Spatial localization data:
---

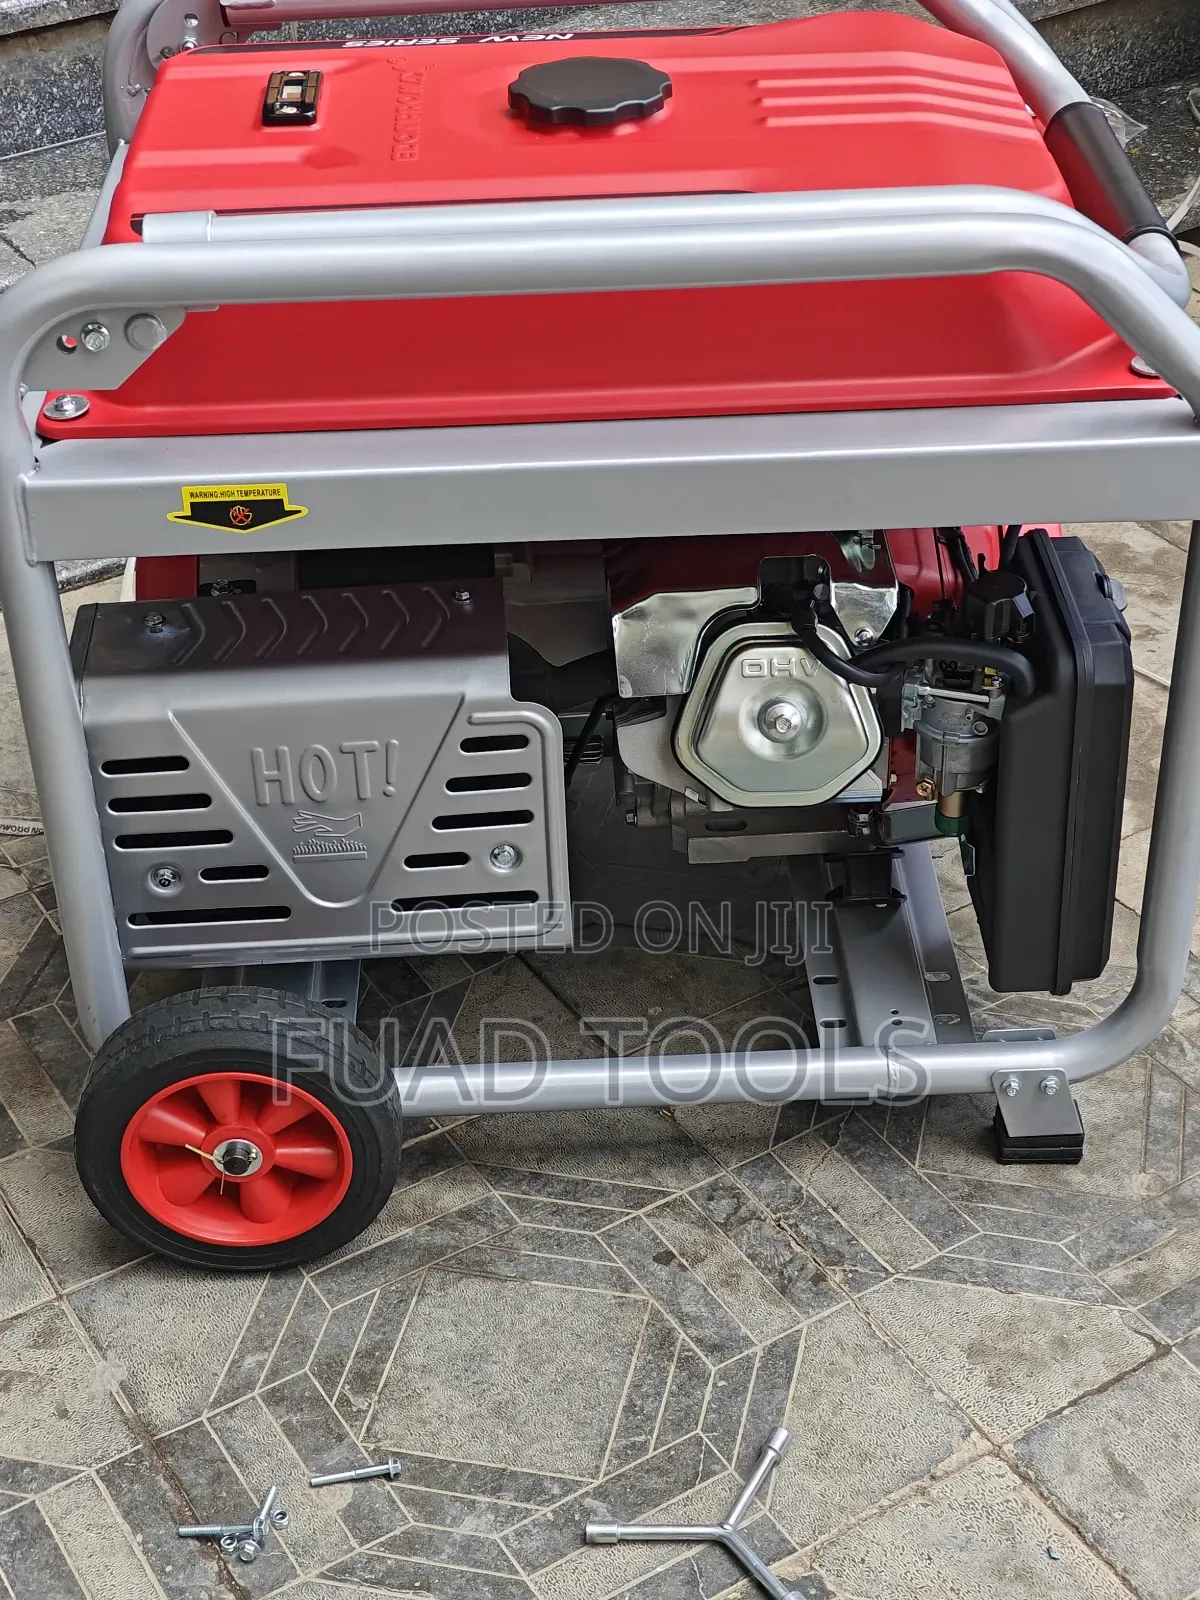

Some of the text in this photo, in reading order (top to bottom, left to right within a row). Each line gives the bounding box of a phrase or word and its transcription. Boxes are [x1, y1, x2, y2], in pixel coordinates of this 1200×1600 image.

[342, 33, 574, 48] NEW SERIES
[236, 488, 281, 497] TEMPERATURE
[741, 657, 820, 678] OHV
[250, 739, 399, 806] HOT!
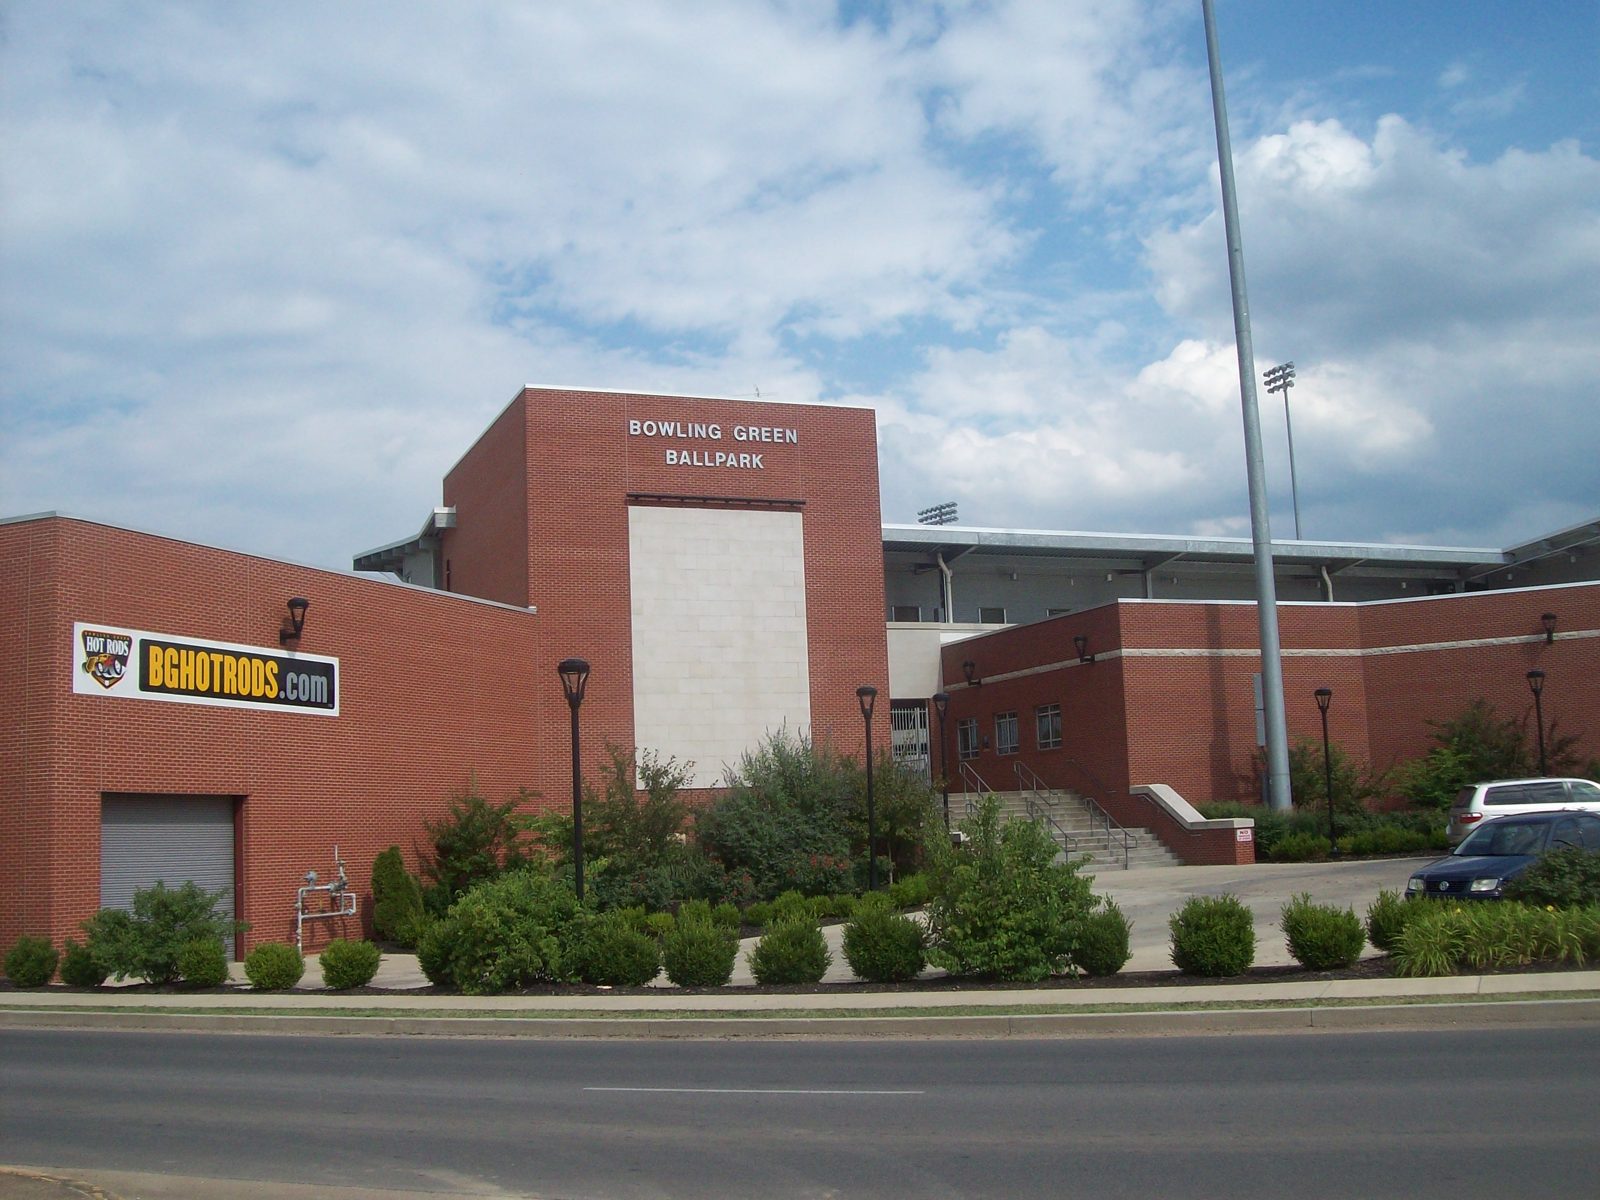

---

→ PROMPT
All of the entries, apart from the pictures, must be returned exactly.

→ THE ANSWER
Some of the text in this photo, in reading order (top to bottom, left to right within a row). Each line gives the bounding box of a phrase or word and its transcription. Boxes are [x1, y1, x2, y2], in pixel coordinates of this 1200×1600 image.

[342, 33, 574, 48] NEW SERIES
[236, 488, 281, 497] TEMPERATURE
[741, 657, 820, 678] OHV
[250, 739, 399, 806] HOT!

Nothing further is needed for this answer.